The explosive revelation sublime,

Defines our world a chaotic dream.

 

I would when in this frame of mind,

Wish the world around me blind,

For in the spotlight I feel exposed,

Wondered just how much my life is known.

 

And then I walk inside a crowded mall,

Mill about in a sea of eye contact,

When suddenly there appears before me,

Another human being, in a state of mind.

Ugliness in Addiction and Recovery

If I could reach inside and rip out the pain that stops me in my tracks

I would do so and I let the ugliness drip off my fingertips,

because then I could choose to hold onto it,

or let it go, and watch it fall,

pull out the garden hose,

spray it into the soil,

until all around me I could see,

life is abundant, growing, and offers a peace,

a serenity.

The problem is sometimes addiction won’t allow a second chance,

we seem buried,

unable to get past the reality of our woes,

and even then, when we understand them,

we still fight for reasoning,

sometimes justifying,

this happened then, when, it was, because I wanted, it didn’t

really matter anymore to anyone.

I’ve been sitting in a chair today,

actually for days,

trying to get out,

but the vacuum hold is remarkable,

my body feels secure,

my mind is screaming,

as I look at the door, and realize,

it cannot stay open forever.

I wonder sometimes about real pain,

is it like this,

or is this just part of a visual game,

seems like I’ll never figure out a way to find the blockbuster,

instead, I’ll probably remain,

wishing purgatory could be

a safer place to be then I seem to realize.

What’s Really Happening

Ever wonder,

when you look them in the eye,

if their response

is a genuine effort to lie.

A mean-spirited man once said to me,

if you wait around, you die.

 

Ever wander

through a day and sigh,

just not sure how to complete a moment,

instead letting it pass,

by listening to the tick, a steady reminder,

of every lackluster effort

we decry.

 

Ever wonder,

what it is like to

find the answer

without actually recognizing why,

said the man,

to the other man,

who thought of the man,

to be lesser than

the Man.

Faces On Demons

Oh the (dark) places we go,

if only Dr.
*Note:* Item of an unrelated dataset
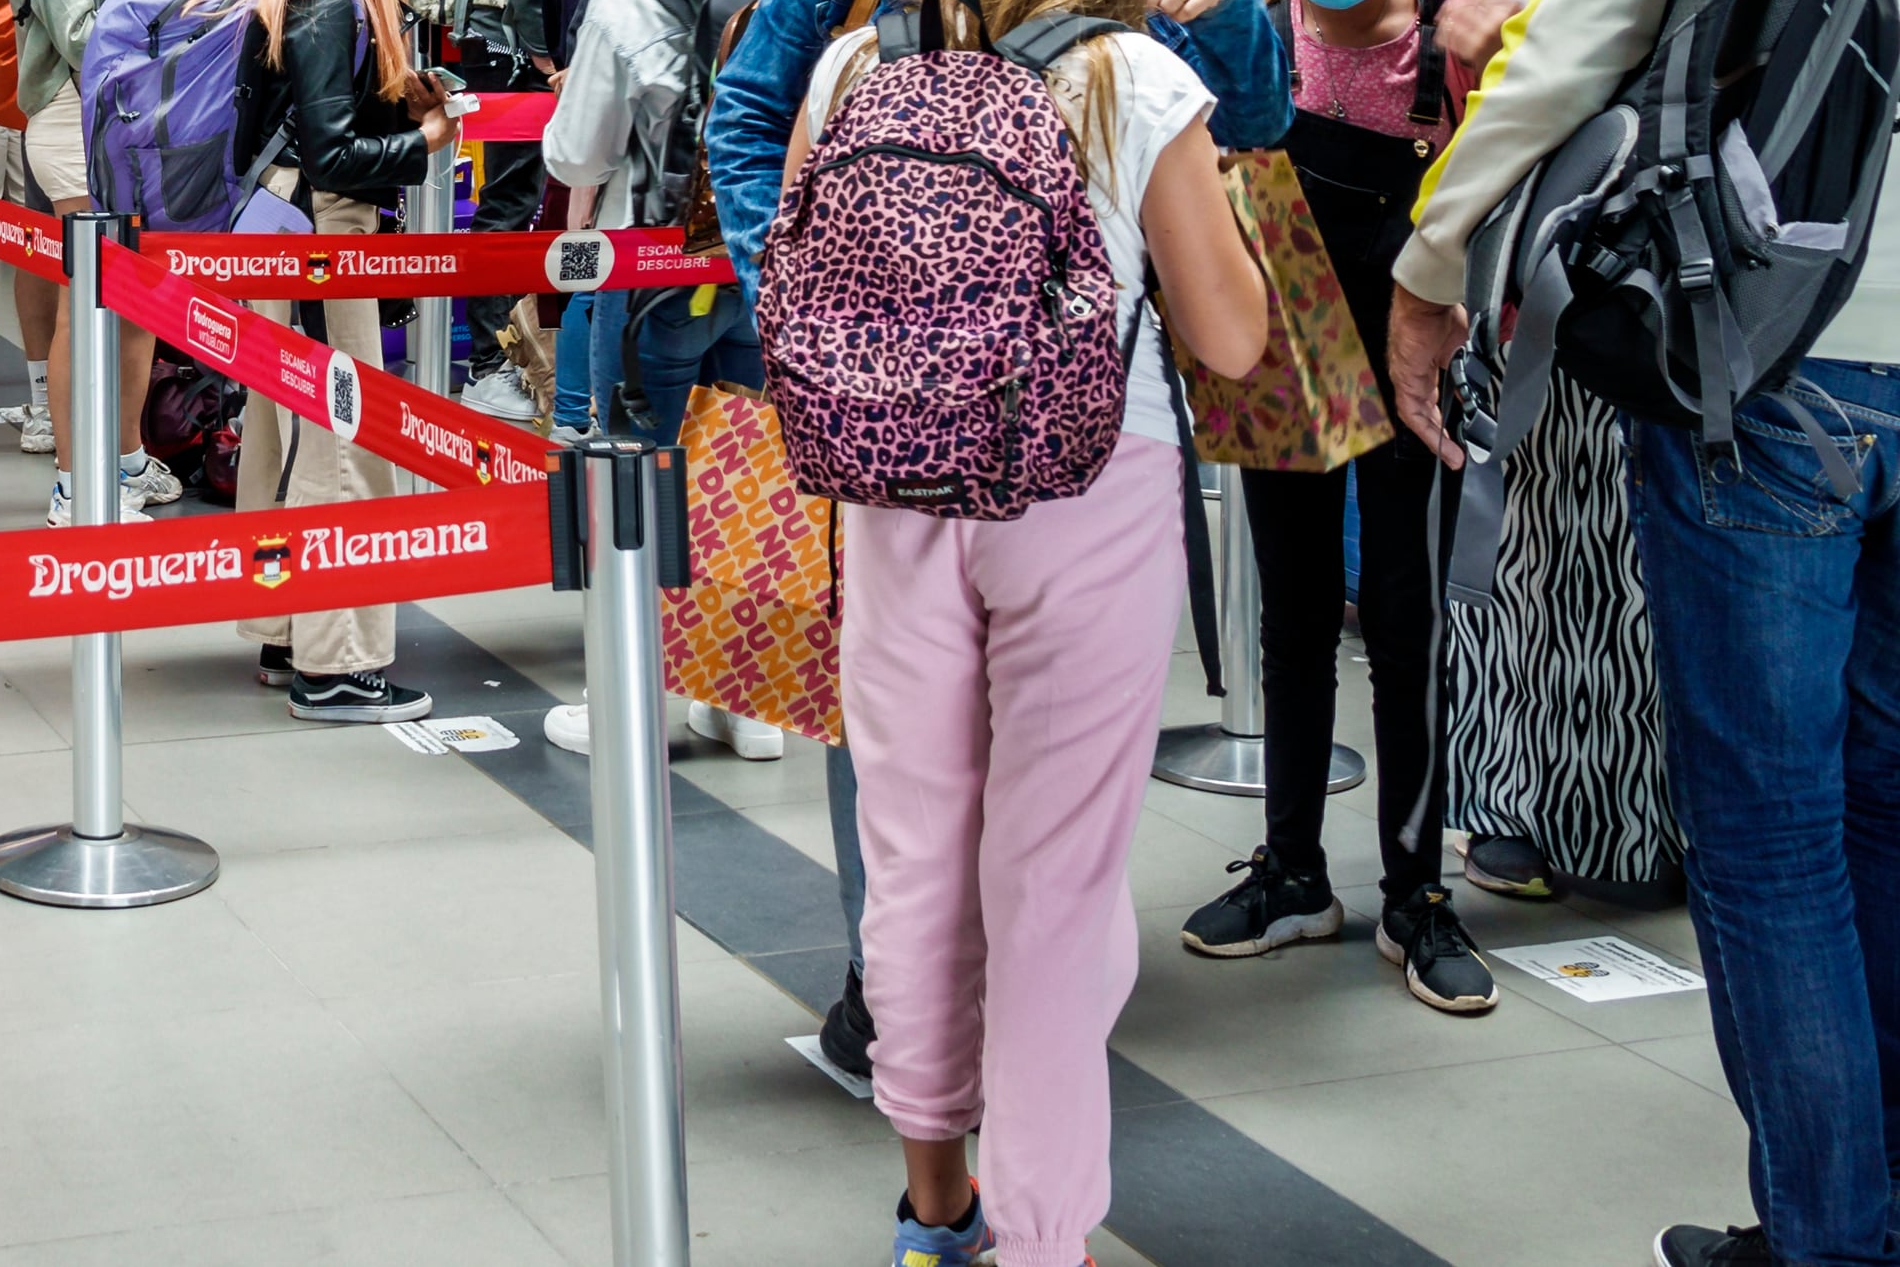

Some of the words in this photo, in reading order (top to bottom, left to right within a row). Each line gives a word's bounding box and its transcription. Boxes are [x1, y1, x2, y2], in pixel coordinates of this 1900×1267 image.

Seuss could remedy all,

perhaps the quiet abyss might no longer,

contain the strength,

the grasp sometimes

inherent in my every step,

the outlook of my day.

 

I sometimes wonder the strength of my addictions,

are the reason I move slowly,

perhaps in reason the justification

of lost principle,

allows me to wallow in my

sad and lonely way.

 

I’ve made mistakes,

they are plain to see,

unless you wouldn’t know me,

then maybe,

I could walk around in circles,

seem,

a bit more mistake free.

 

It is an inherent trait in our society,

to judge the person on your left and right,

in order some would argue,

to set your own demons free,

or am I only speaking of me.

 

I sometimes reflect on a world

of alcohol and drugs,

oh the sweet nectar

of setting myself apart

from every

symbol I felt of hope and faith.

 

The gambling arm,

set in tone the rest of me,

and for the little time I’d known,

I would seek refuge there,

only to come to terms,

with another bottle of scotch,

with an endless pour.

 

There is something remarkably beautiful

about peace,

peace of mind,

a peace to build our hopes upon.

finding peace,

inside the miracle of time.

 

I look to find all the faces,

that disturb my sleep,

in the middle of the night,

left staring at a wall,

rather safe than closing my eyes,

to once again,

know,

in the middle of a dream,

would there be an onslaught …

faces on demons.

 

We might suppose,

they’ll always be there,

quiet reminders,

like skeletons with favorite postures,

we liken them all,

to our own sheltered storm,

inside an expression at the county fair,

won’t allow a soul,

to imagine any other pain,

otherwise.

 

Occasionally when walking alone,

I do,

I choose with earnest,

to put my own,

face on demons,

I suppose it may appear absurd,

but rather than in a crowd,

I can own my own expression,

no longer under a shroud.

If Life Were A Simple Pattern

I remember when a child,

my sister would design her own clothes,

simple patterns,

stitch marks and wardrobes,

mail-order catalogues,

in a few weeks, there

she would be,

she would wear her finest fashions,

all designed in very simple,

yet lovely, remarkably lovely,

simple pattern …

Perhaps there is somewhere in this world,

the design is linear, less abstract,

and we might all fall into line,

cross the threshold together,

or is it the other way around,

do we wish,

would we rather,

the design,  the mold, the expectation,

be altered, broken or thrown.

Perhaps we may,

we might, we could imagine a different

outcome to the same pattern.

If life were (is) a logical sequence,

a simple pattern, if you will,

might you consider,

if it were up to (them)

we might all be a little less anxious

to know we can still believe in the concept,

if life were a simple pattern.

Shaded Tone

FullSizeRender 13

Amid a shelter sun glances my natural setting,

I do imagine only the lightest of notion,

the beauty of the day, the ease in time,

to know our lives were meant to live this way.

 

When the eyes forever see the forest blend,

Is it not a remarkable reality to breathe in,

such beauty in a horizon filled by love,

allows desire, passion, wanton hope evolve.

 

For I am a single soul in the grip of natural light,

expectant only to travel in peace tonight,

watching the world through leaves of July,

knowing the august of my life is near by.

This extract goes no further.